Leave out the pictures and restate the rest of the data exactly.

++++ The input ++++

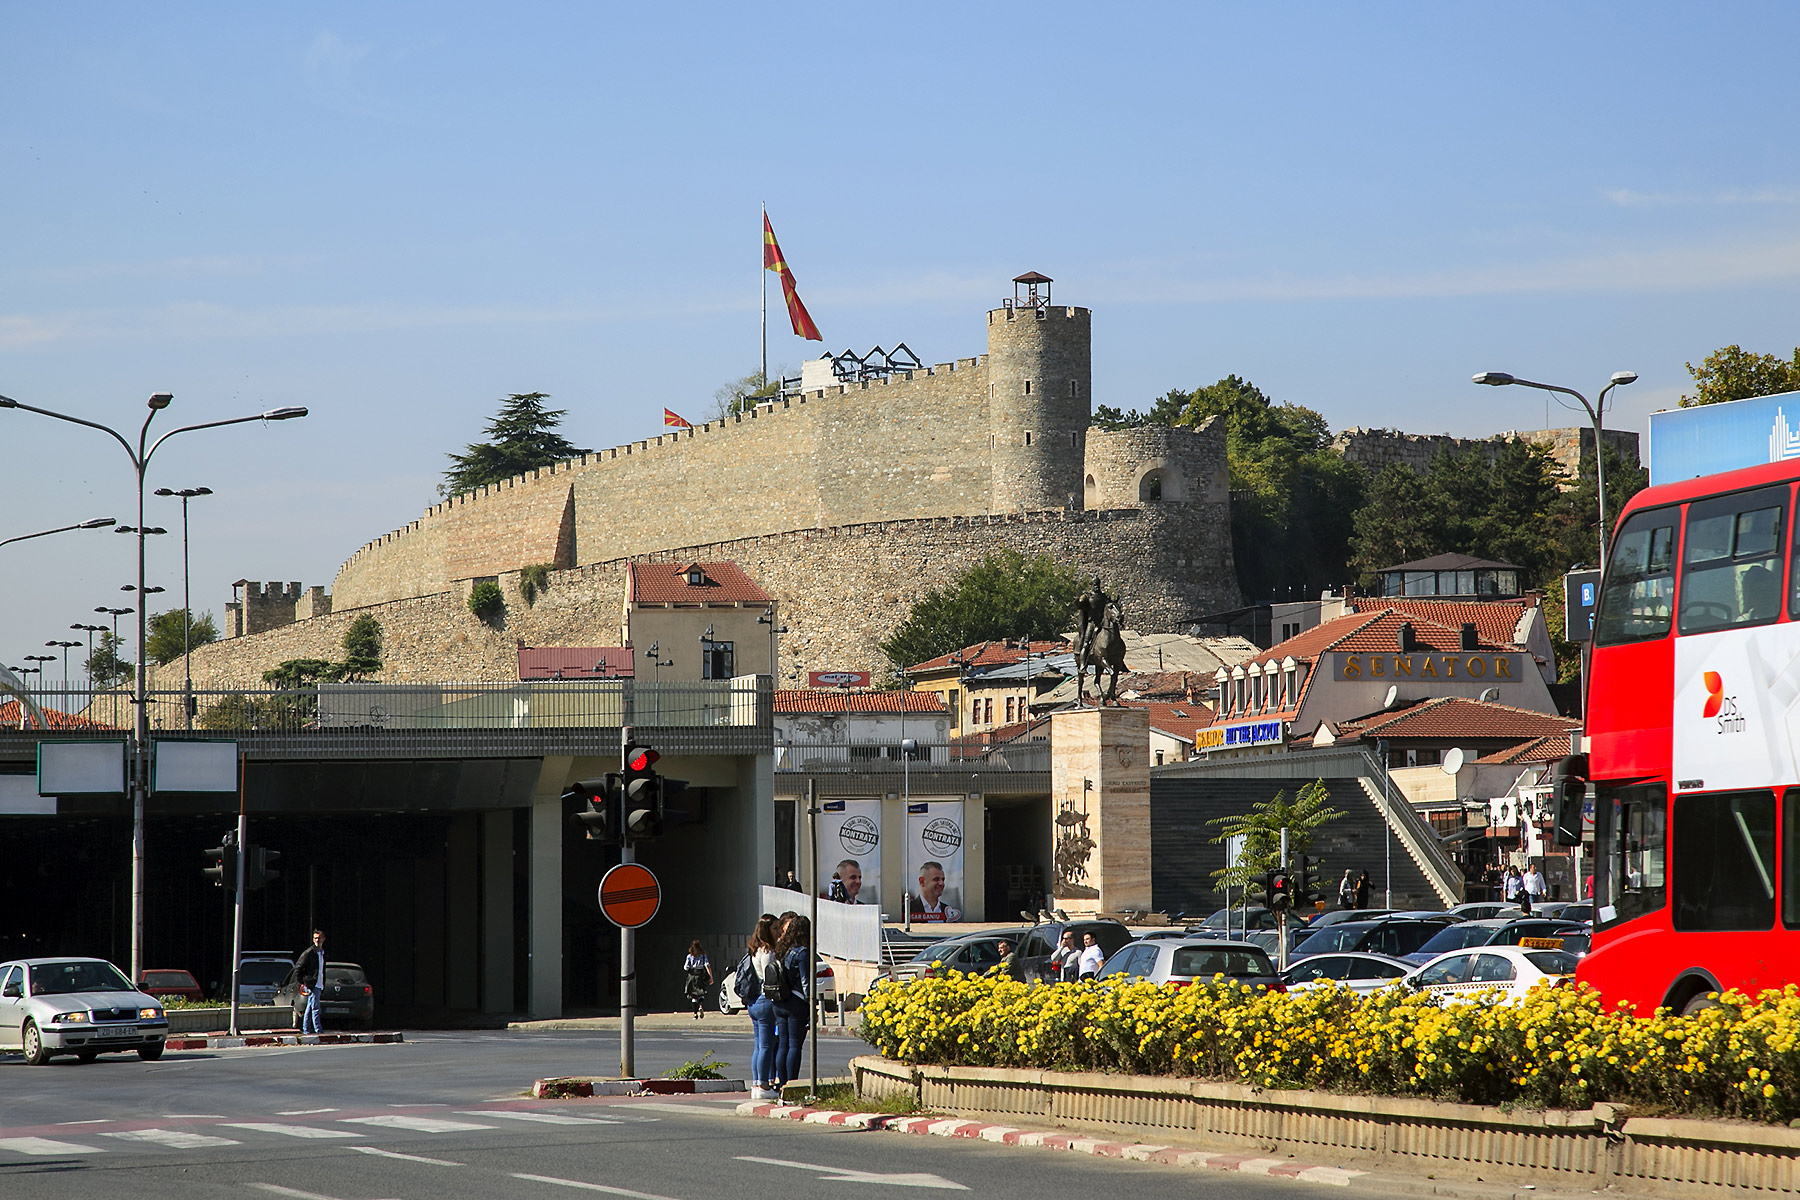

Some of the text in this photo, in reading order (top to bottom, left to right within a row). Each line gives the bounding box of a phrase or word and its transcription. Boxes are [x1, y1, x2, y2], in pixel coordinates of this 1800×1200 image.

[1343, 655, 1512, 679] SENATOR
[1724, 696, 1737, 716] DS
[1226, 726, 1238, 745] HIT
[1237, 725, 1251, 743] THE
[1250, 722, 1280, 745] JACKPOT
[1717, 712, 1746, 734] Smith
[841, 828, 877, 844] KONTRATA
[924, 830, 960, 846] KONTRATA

++++

### Response to the exercise
Some of the text in this photo, in reading order (top to bottom, left to right within a row). Each line gives the bounding box of a phrase or word and its transcription. Boxes are [x1, y1, x2, y2], in pixel coordinates of this 1800×1200 image.

[1343, 655, 1512, 679] SENATOR
[1724, 696, 1737, 716] DS
[1226, 726, 1238, 745] HIT
[1237, 725, 1251, 743] THE
[1250, 722, 1280, 745] JACKPOT
[1717, 712, 1746, 734] Smith
[841, 828, 877, 844] KONTRATA
[924, 830, 960, 846] KONTRATA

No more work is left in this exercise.